Personal information
- Full name: Alica Megan Schmidt
- Born: 8 November 1998 (age 27) Worms, Germany
- Education: Fresenius University of Applied Sciences
- Occupation: Athlete
- Years active: 2017–present
- Height: 1.75 m (5 ft 9 in)
- Weight: 55 kg (121 lb)

Sport
- Sport: Track and field; Athletics; Running;
- Events: Sprints; 200 metres; 400 metres; 400 metres hurdles; 800 metres;
- Club: SCC Berlin

Medal record
Women's athletics
Representing Germany
European Athletics U20 Championships
| Silver medal – second place | 2017 Grosseto | 4 × 400 m relay |
European Athletics U23 Championships
| Bronze medal – third place | 2019 Gävle | 4 × 400 m relay |

= Alica Schmidt =

German sprinter and hurdler (born 1998)

Alica Megan Schmidt (/de/; born 8 November 1998) is a German runner. She was part of the national team that came second in the 4 × 400 metres relay event at the 2017 European Athletics U20 Championships, and third in the same discipline at the 2019 European Athletics U23 Championships. She was previously a fitness coach of Bundesliga club Borussia Dortmund. Schmidt was part of the German relay squad at the 2020 Summer Olympics, although she did not compete.

==Early life==
Schmidt was born in 1998 in Worms, Germany. Her family now lives in Ingolstadt, Bavaria, Germany. She attended Fresenius University of Applied Sciences.

==Career==
Schmidt started competing in the 200 metres, 400 metres, and 800 metres running events. In 2018, she started competing in 400 metres hurdles events. Schmidt began her career training at MTV Ingolstadt.

In 2017, Schmidt came second in the 200 metres event at the under-20s German Championship. At the 2017 European Athletics U20 Championships, Schmidt was part of the German 4 × 400 metres relay team that finished second, alongside Vanessa Aniteye, Meike Gerlach and Corinna Schwab. Their time of 03:33:08 was faster than the previous age group world record, but they finished behind the Ukrainian team, who set the new world record. It was the first medal at the Championships for an Ingolstadt athlete since 1999. Schmidt also set a personal best time of 54.23 seconds in a qualifying round of the individual 400 metres event at the Championships. She was withdrawn from the individual 400 metres final in order to focus on the relay event. In the same year, she came second at the German under-20 Championship in the 400 metres event.
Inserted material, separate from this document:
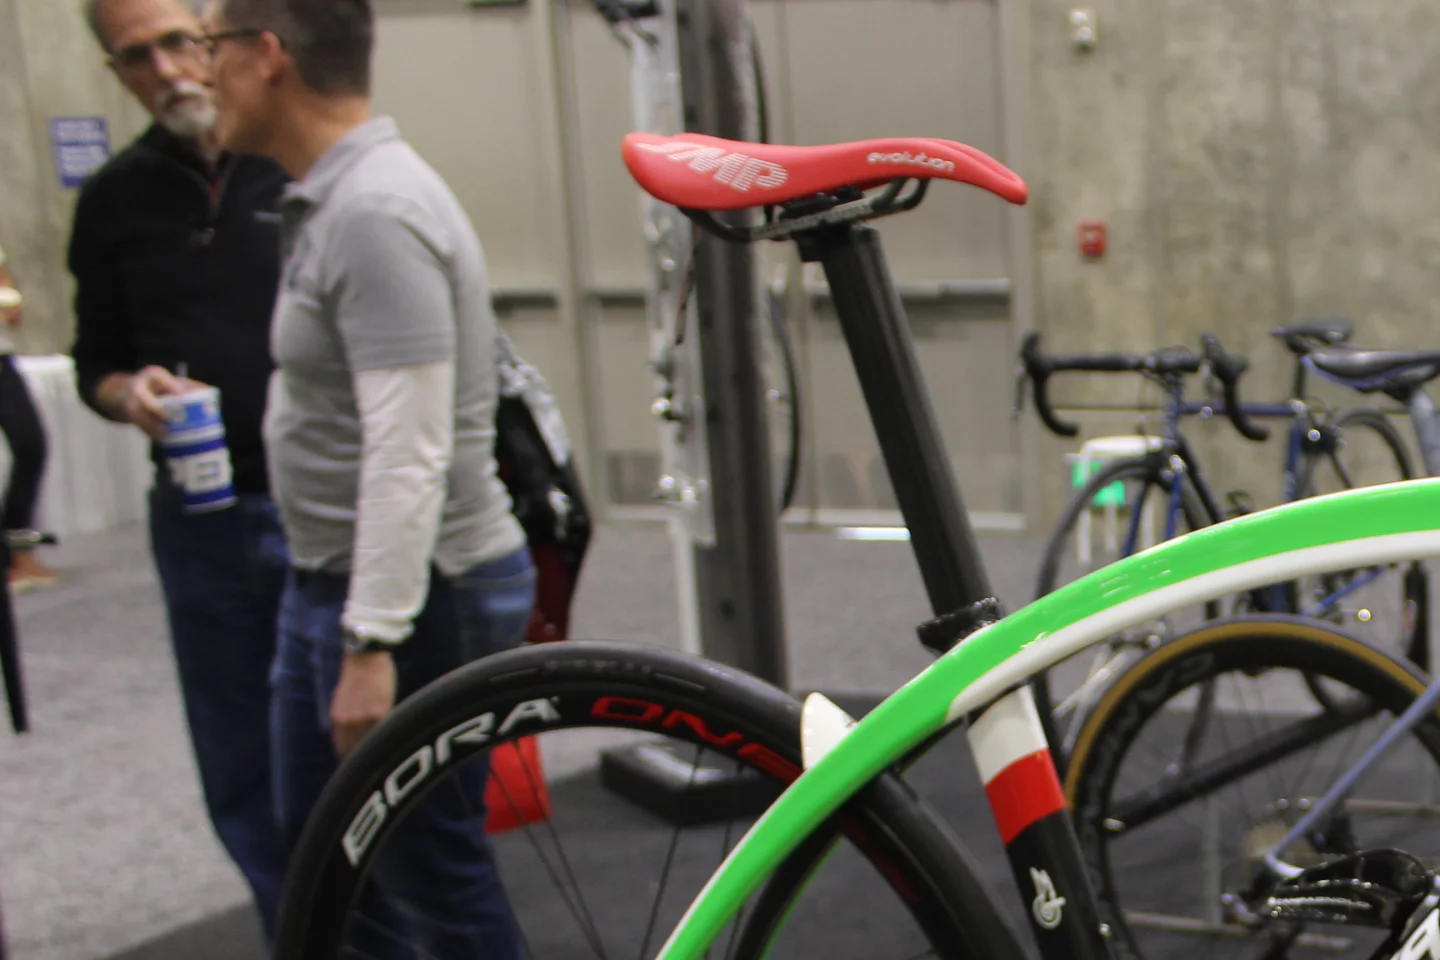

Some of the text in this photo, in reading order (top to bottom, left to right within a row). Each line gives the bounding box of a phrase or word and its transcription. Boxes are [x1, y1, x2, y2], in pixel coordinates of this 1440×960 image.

In October 2017, Schmidt started training at SC Potsdam, after moving to Brandenburg for personal reasons. Ahead of the 2019 season, Schmidt joined SCC Berlin. She was part of the German team that came third in the 4 × 400 metres relay event at the 2019 European Athletics U23 Championships. At the 2019 German Athletics Championships, Schmidt came third in the under-23s 400 metres event, and was part of the SCC Berlin team that came second in the 4 × 400 metres relay event.

Schmidt was appointed as Borussia Dortmund's fitness coach for the 2020–21 Bundesliga season.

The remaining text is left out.